Problem requirements:
Reprint all of the data below exactly as shown and skip every image.

◇ ◇ ◇

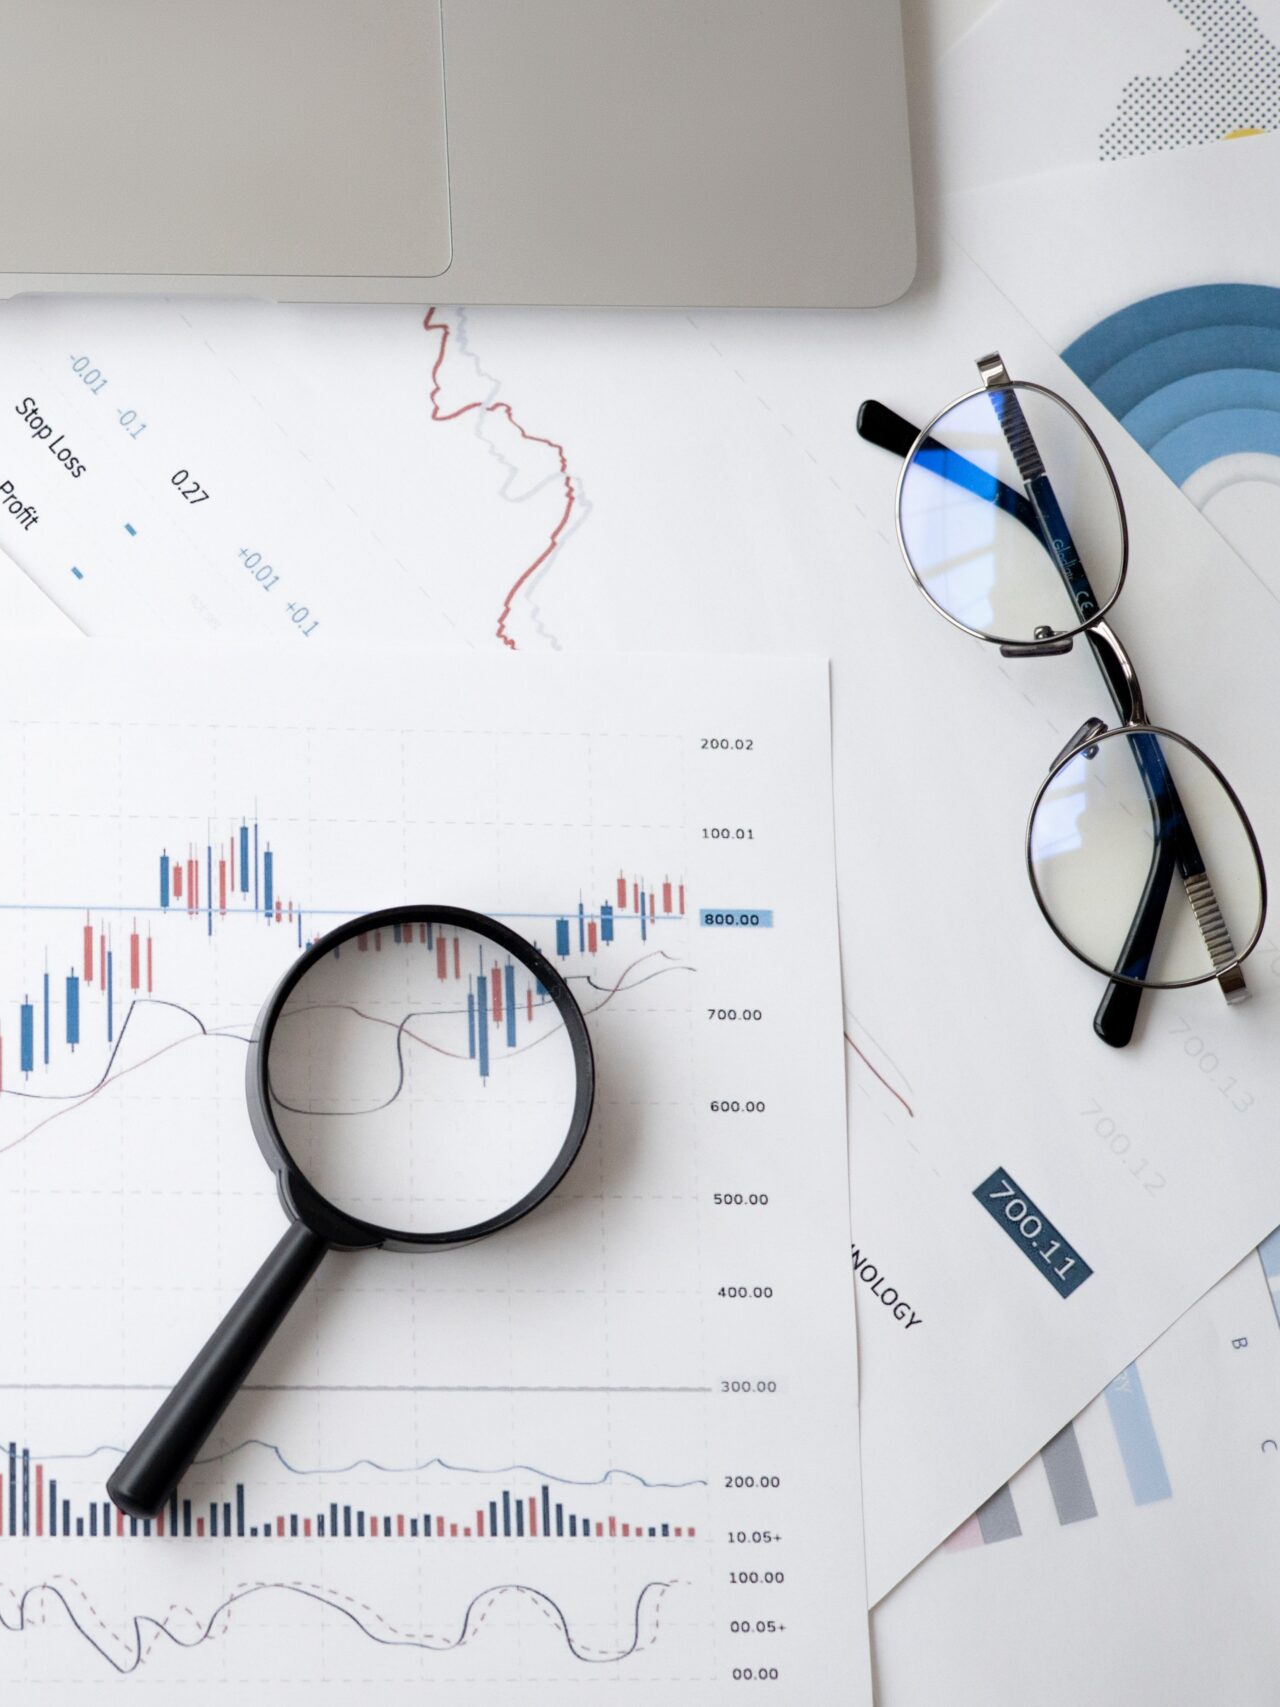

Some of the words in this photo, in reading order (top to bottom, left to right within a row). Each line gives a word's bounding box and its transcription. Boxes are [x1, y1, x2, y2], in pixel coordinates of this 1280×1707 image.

[15, 397, 53, 440] Stop
[48, 435, 87, 478] Loss
[70, 356, 108, 395] -0.01
[117, 409, 147, 440] -0.1
[171, 469, 210, 505] 0.27
[238, 548, 280, 592] +0.01
[286, 602, 319, 637] +0.1
[701, 738, 754, 751] 200.02
[702, 828, 754, 840] 100.01
[705, 914, 759, 925] 800.00
[707, 1009, 762, 1021] 700.00
[1169, 1016, 1255, 1113] 700.13
[710, 1101, 765, 1113] 600.00
[1080, 1098, 1167, 1197] 700.12
[714, 1193, 768, 1205] 500.00
[989, 1179, 1076, 1281] 700.11
[718, 1287, 773, 1299] 400.00
[1232, 1337, 1248, 1350] B
[721, 1381, 776, 1392] 300.00
[1261, 1439, 1278, 1453] C
[725, 1476, 780, 1488] 200.00
[730, 1572, 784, 1584] 100.00
[732, 1668, 778, 1680] 00.00

◇ ◇ ◇

Output of the exercise:
Some of the words in this photo, in reading order (top to bottom, left to right within a row). Each line gives a word's bounding box and its transcription. Boxes are [x1, y1, x2, y2], in pixel coordinates of this 1280×1707 image.

[15, 397, 53, 440] Stop
[48, 435, 87, 478] Loss
[70, 356, 108, 395] -0.01
[117, 409, 147, 440] -0.1
[171, 469, 210, 505] 0.27
[238, 548, 280, 592] +0.01
[286, 602, 319, 637] +0.1
[701, 738, 754, 751] 200.02
[702, 828, 754, 840] 100.01
[705, 914, 759, 925] 800.00
[707, 1009, 762, 1021] 700.00
[1169, 1016, 1255, 1113] 700.13
[710, 1101, 765, 1113] 600.00
[1080, 1098, 1167, 1197] 700.12
[714, 1193, 768, 1205] 500.00
[989, 1179, 1076, 1281] 700.11
[718, 1287, 773, 1299] 400.00
[1232, 1337, 1248, 1350] B
[721, 1381, 776, 1392] 300.00
[1261, 1439, 1278, 1453] C
[725, 1476, 780, 1488] 200.00
[730, 1572, 784, 1584] 100.00
[732, 1668, 778, 1680] 00.00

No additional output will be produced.